Abstract Body (Do not enter title and authors here): Background: Oxidative stress, an imbalance between oxidants and antioxidants, exacerbates metabolic syndrome and can worsen health outcomes. Females are at higher risk for inflammation, psychological stress, depressive symptoms, and obesity, all of which contribute to metabolic syndrome and elevated oxidative stress. However, sex differences in oxidative stress remain underexplored. We aimed to examine sex differences in oxidative stress and contributing factors in patients with metabolic syndrome.
Hypothesis: Females with metabolic syndrome have higher oxidative stress and contributing factors compared to males.
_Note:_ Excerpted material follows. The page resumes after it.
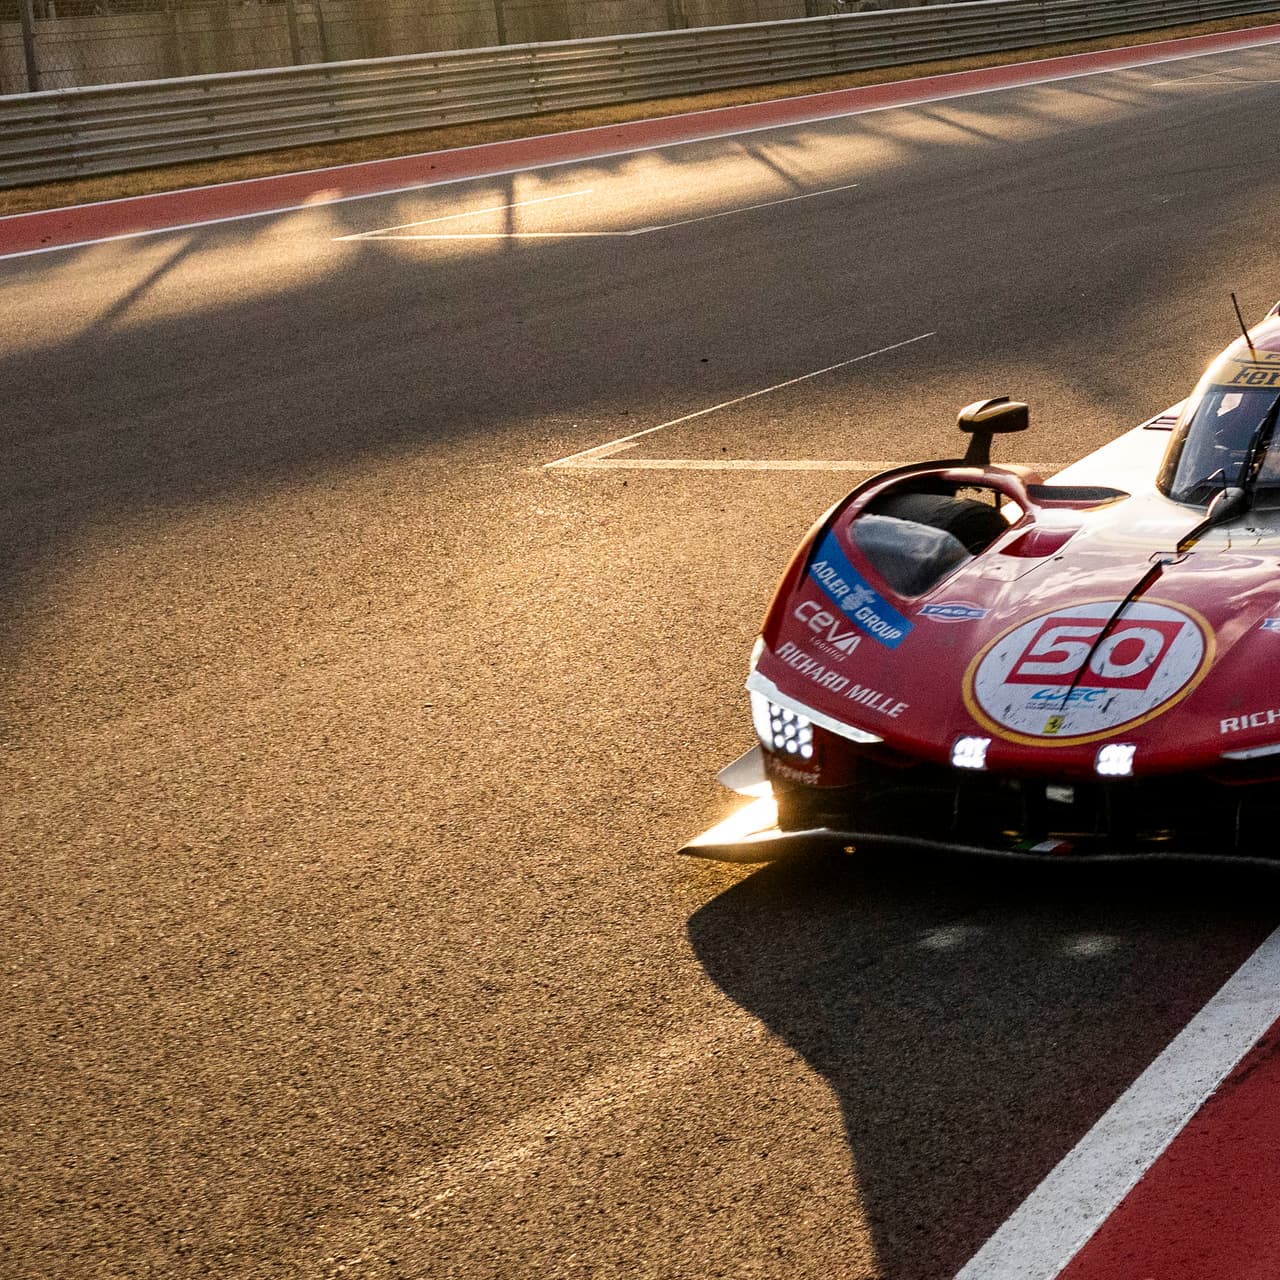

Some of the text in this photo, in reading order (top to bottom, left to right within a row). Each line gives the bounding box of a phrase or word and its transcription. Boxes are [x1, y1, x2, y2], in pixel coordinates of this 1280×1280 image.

[811, 560, 902, 640] ADLER GROUP
[775, 641, 910, 718] RICHARD MILLE
[1016, 625, 1165, 678] 50
[1031, 687, 1108, 702] WEC
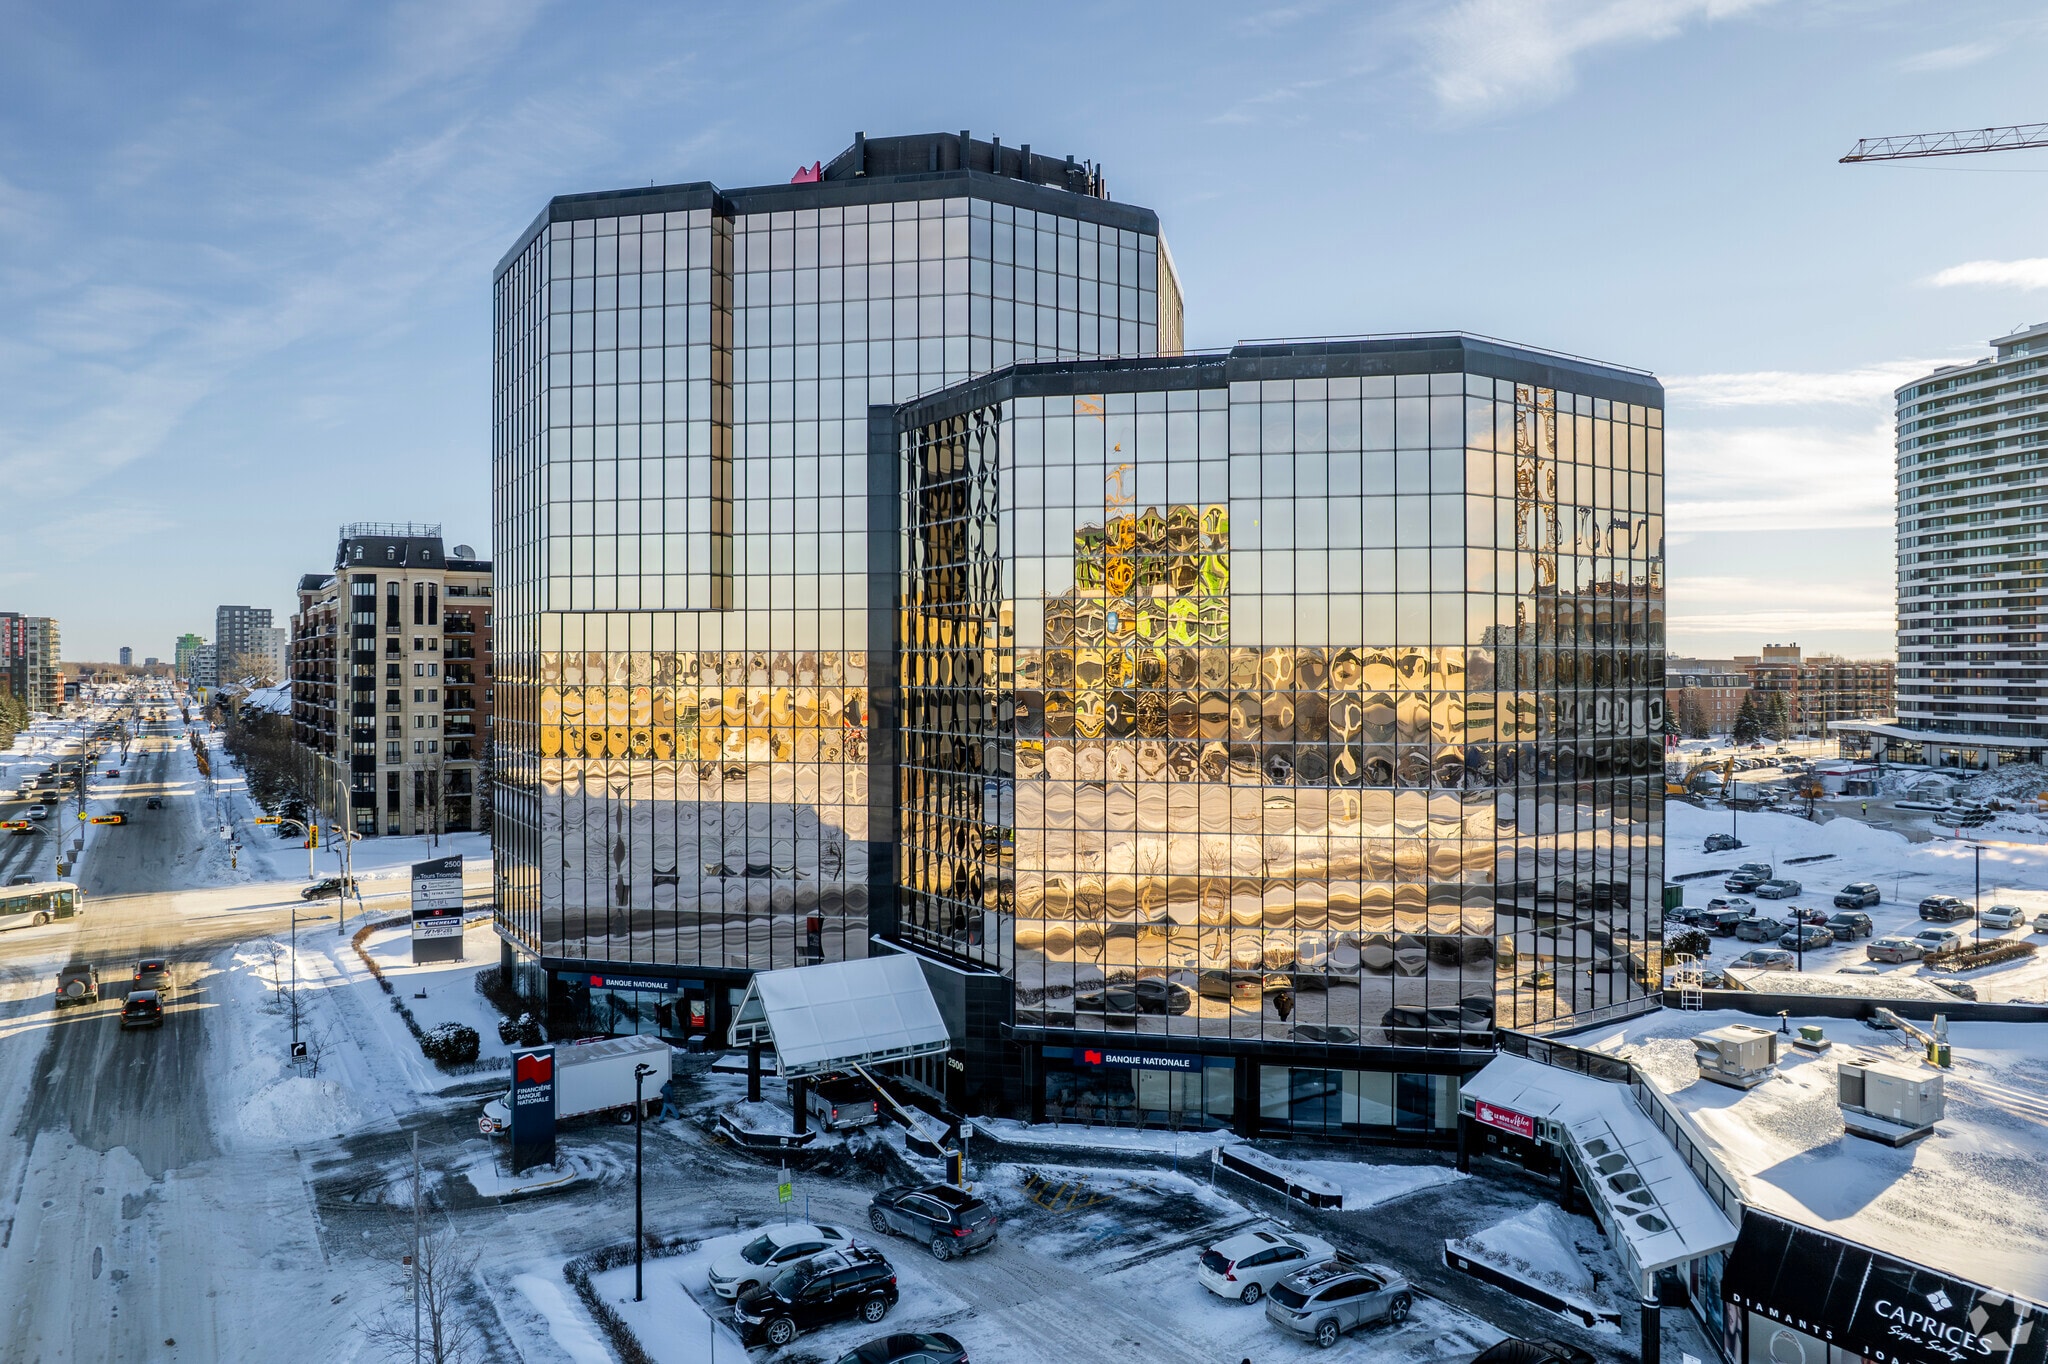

Methods: A secondary analysis of data from a randomized control trial was conducted to examine sex differences in oxidative stress (malondialdehyde, total antioxidant capacity) and contributing factors: inflammation (C-reactive protein, tumor necrosis factor-alpha (TNF-α), interleukin-6), psychological stress (Perceived Stress Scale-10 (PSS-10)), depressive symptoms (patient health questionnaire-9 (PHQ-9)), and body mass index (BMI), using independent t-tests and Mann-Whitney U tests. Correlation and hierarchical linear regression were used to examine relationships between oxidative stress and potential contributing factors. To address the overrepresentation of females, we applied post-stratification weighting based on a standardized 50/50 sex distribution.
Results: Ninety-three participants with metabolic syndrome (61±12 years old, 71% female) were included. Females had higher malondialdehyde levels (0.58±0.17 vs 0.49±0.16, P<0.01), total antioxidant capacity (2.45±0.75 vs 2.20±0.76, P=0.03), PSS-10 (14.0±8.3 vs 10.9±5.6, P <0.01), and PHQ-9 (5.8±5.0 vs 4.3±3.2, P=0.01) compared to males. BMI and interleukin-6 had weak negative correlations with malondialdehyde (r=-.18, P=0.02 and r=-.19, P=0.02, respectively), while TNF-α had a moderate positive correlation with malondialdehyde (r=.25, P=0.003). Sex explained 7.4% of the variation of malondialdehyde values (P<0.001). The final regression model of sex, C-reactive protein, TNF-α, interleukin-6, BMI, PHQ-9, and PSS-10 explained 22.6% of the variation of malondialdehyde values (P=0.002).
Conclusion: Our findings reveal a disproportionately higher oxidative stress burden in females compared to males. Further longitudinal research is needed to investigate the sex-based differences and underlying mechanisms of oxidative stress across diverse populations.